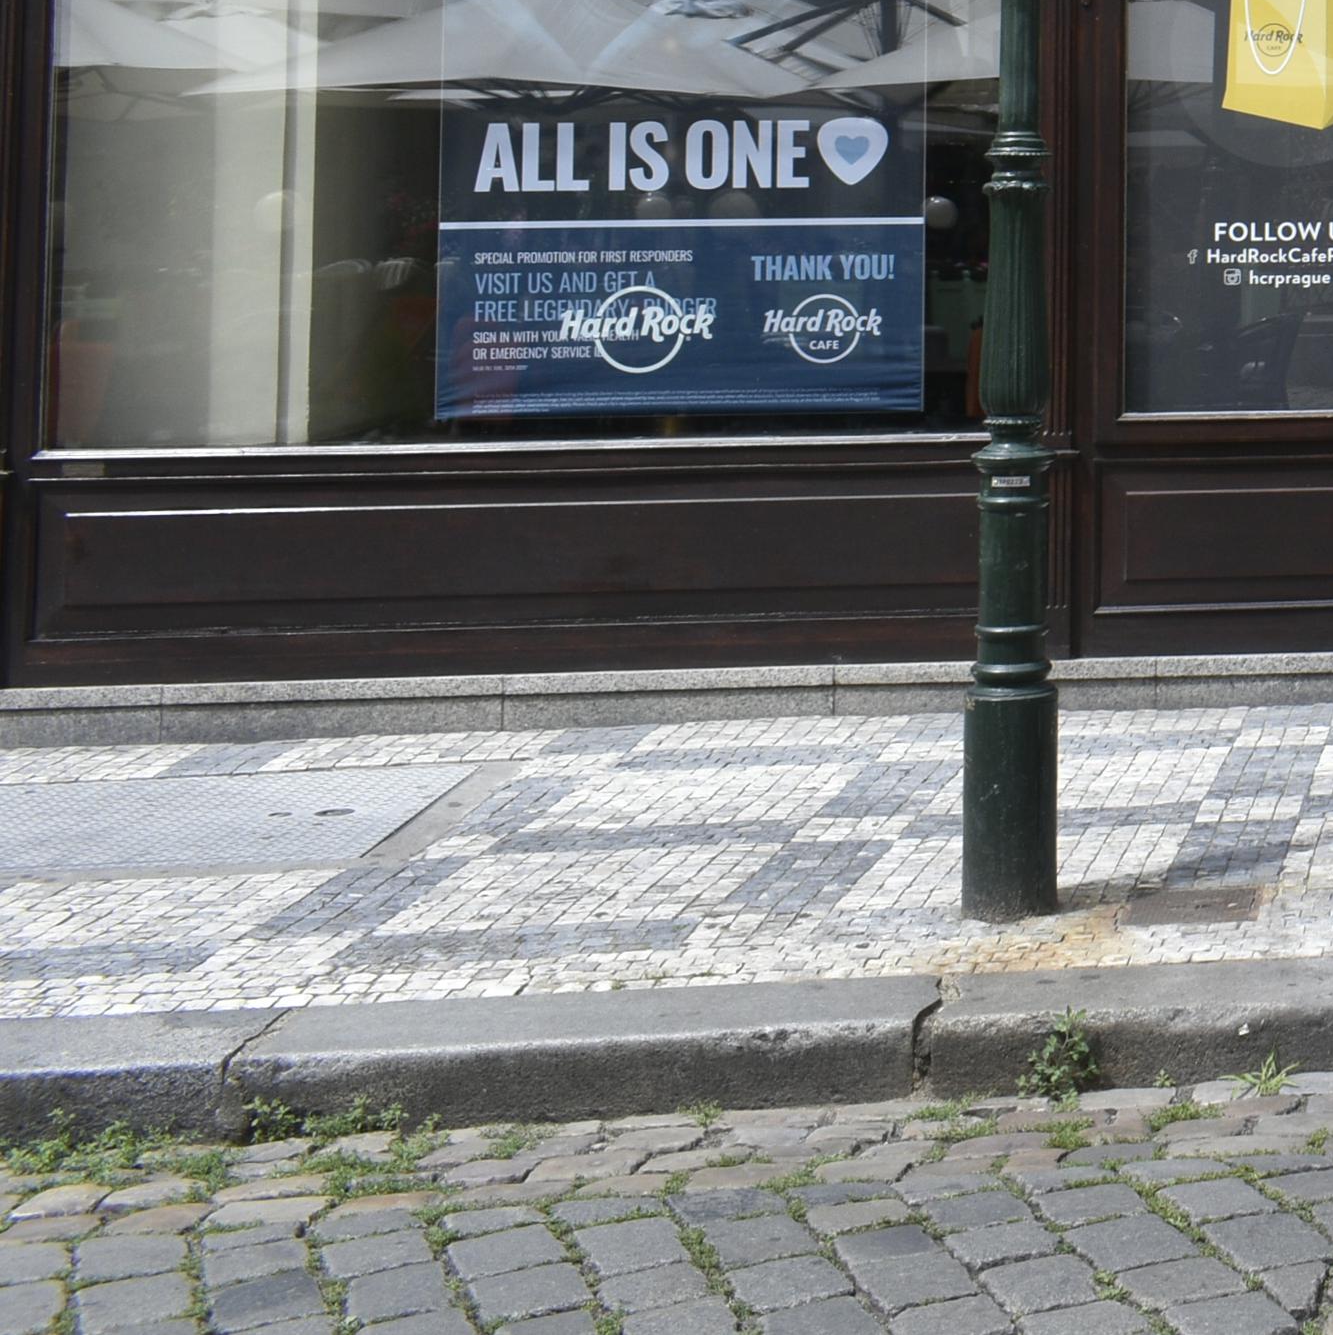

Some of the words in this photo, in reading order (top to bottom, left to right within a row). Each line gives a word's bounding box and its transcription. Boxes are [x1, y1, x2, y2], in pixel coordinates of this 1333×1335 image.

[475, 121, 589, 192] ALL
[609, 120, 668, 192] IS
[685, 118, 809, 190] ONE
[1214, 221, 1320, 241] FOLLOW
[474, 251, 512, 264] SPECIAL
[517, 250, 575, 263] PROMOTION
[578, 250, 597, 263] FOR
[600, 250, 626, 263] FIRST
[630, 249, 692, 262] RESPONDERS
[751, 254, 831, 281] THANK
[840, 253, 894, 280] YOU!
[475, 272, 521, 295] VISIT
[527, 272, 553, 294] US
[558, 272, 597, 293] AND
[603, 271, 638, 293] GET
[644, 270, 656, 289] A
[1249, 269, 1330, 288] hcrprague
[475, 300, 518, 322] FREE
[763, 309, 824, 333] Hard
[825, 308, 882, 336] Rock
[559, 307, 638, 340] Hard
[641, 305, 714, 342] Rock
[809, 340, 840, 350] CAFE
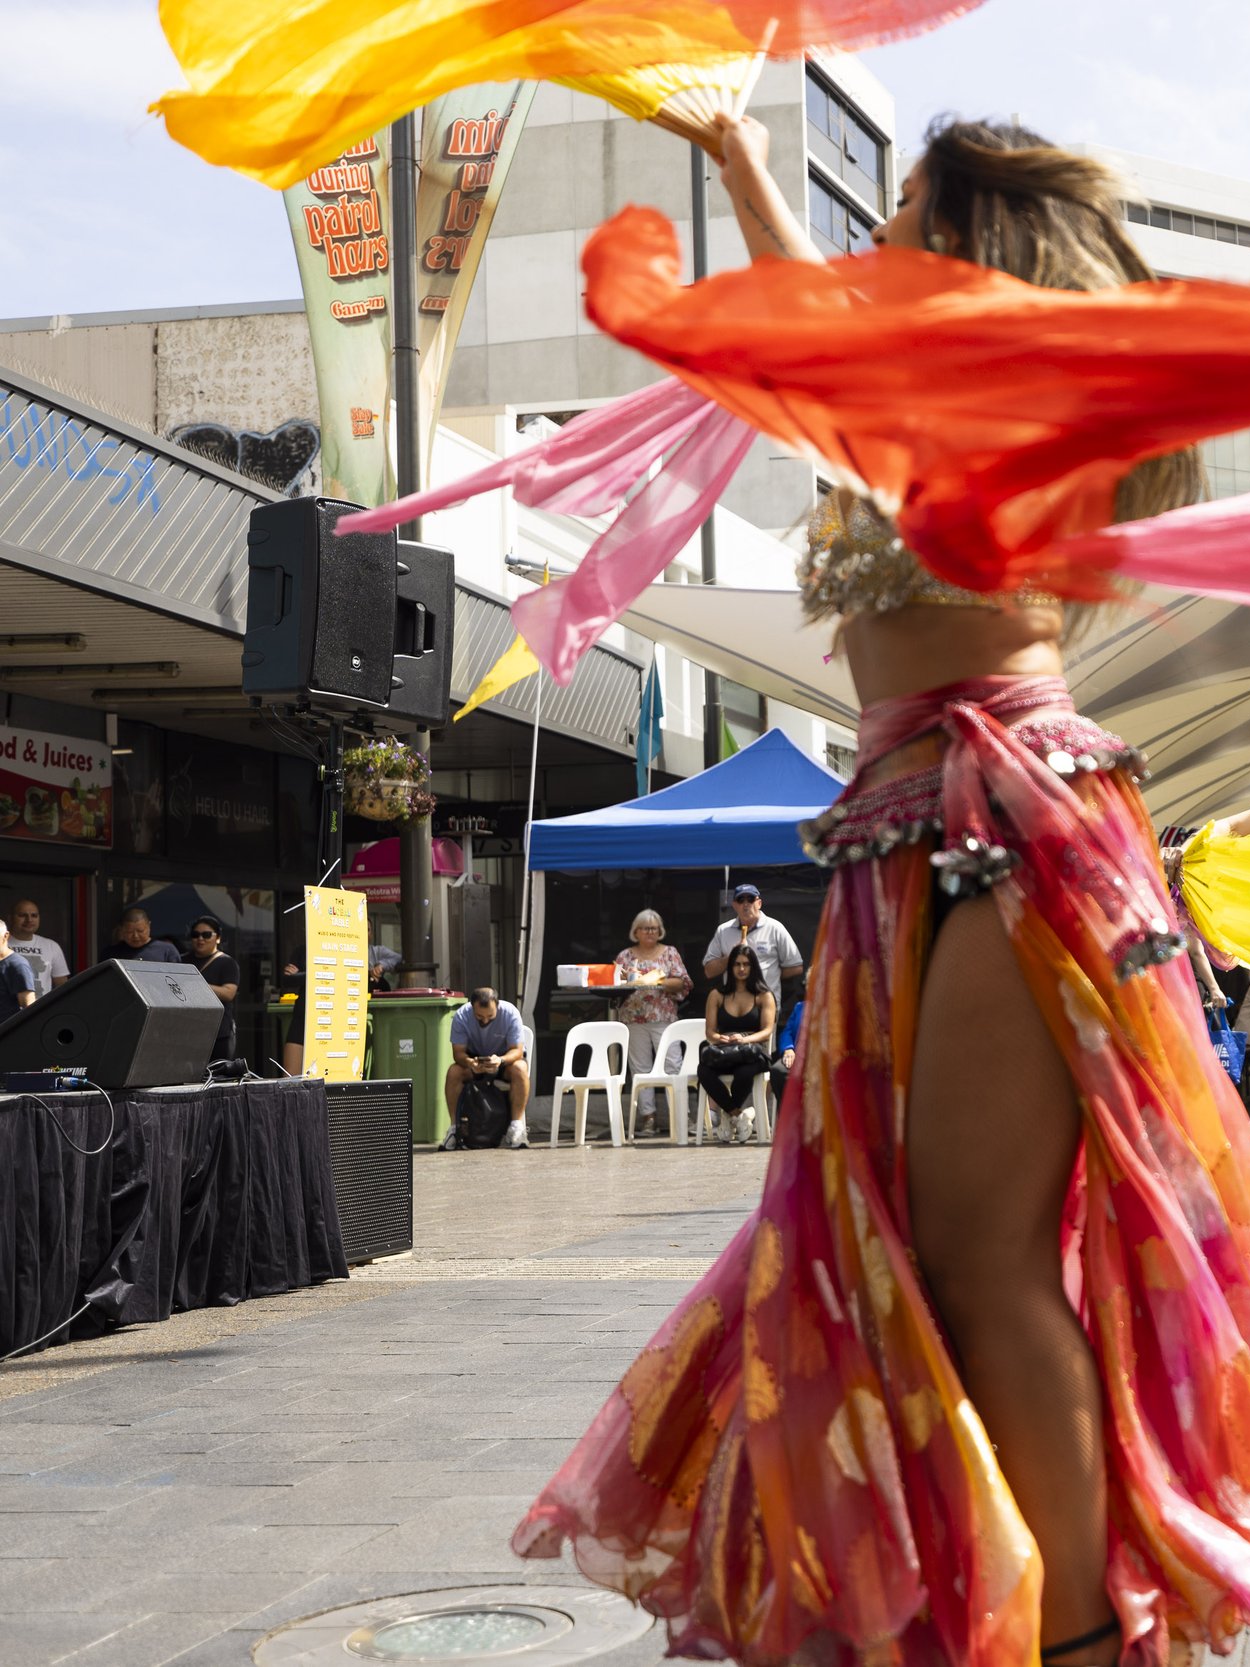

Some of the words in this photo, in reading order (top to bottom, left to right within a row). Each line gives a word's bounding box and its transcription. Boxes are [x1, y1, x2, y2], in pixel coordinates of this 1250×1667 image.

------------------------------

In the printed copy, the material above must appear unchanged and without its pictures.

Some of the words in this photo, in reading order (top to bottom, left to right within a row). Each line gives a word's bounding box and its transcription. Boxes are [x1, y1, x2, y2], in pixel coordinates of this 1333×1335 image.

[475, 121, 589, 192] ALL
[609, 120, 668, 192] IS
[685, 118, 809, 190] ONE
[1214, 221, 1320, 241] FOLLOW
[474, 251, 512, 264] SPECIAL
[517, 250, 575, 263] PROMOTION
[578, 250, 597, 263] FOR
[600, 250, 626, 263] FIRST
[630, 249, 692, 262] RESPONDERS
[751, 254, 831, 281] THANK
[840, 253, 894, 280] YOU!
[475, 272, 521, 295] VISIT
[527, 272, 553, 294] US
[558, 272, 597, 293] AND
[603, 271, 638, 293] GET
[644, 270, 656, 289] A
[1249, 269, 1330, 288] hcrprague
[475, 300, 518, 322] FREE
[763, 309, 824, 333] Hard
[825, 308, 882, 336] Rock
[559, 307, 638, 340] Hard
[641, 305, 714, 342] Rock
[809, 340, 840, 350] CAFE

Some of the words in this photo, in reading order (top to bottom, left to right within a row). Each line gives a word's bounding box and its transcription. Boxes are [x1, y1, x2, y2], in pixel coordinates of this 1250×1667 image.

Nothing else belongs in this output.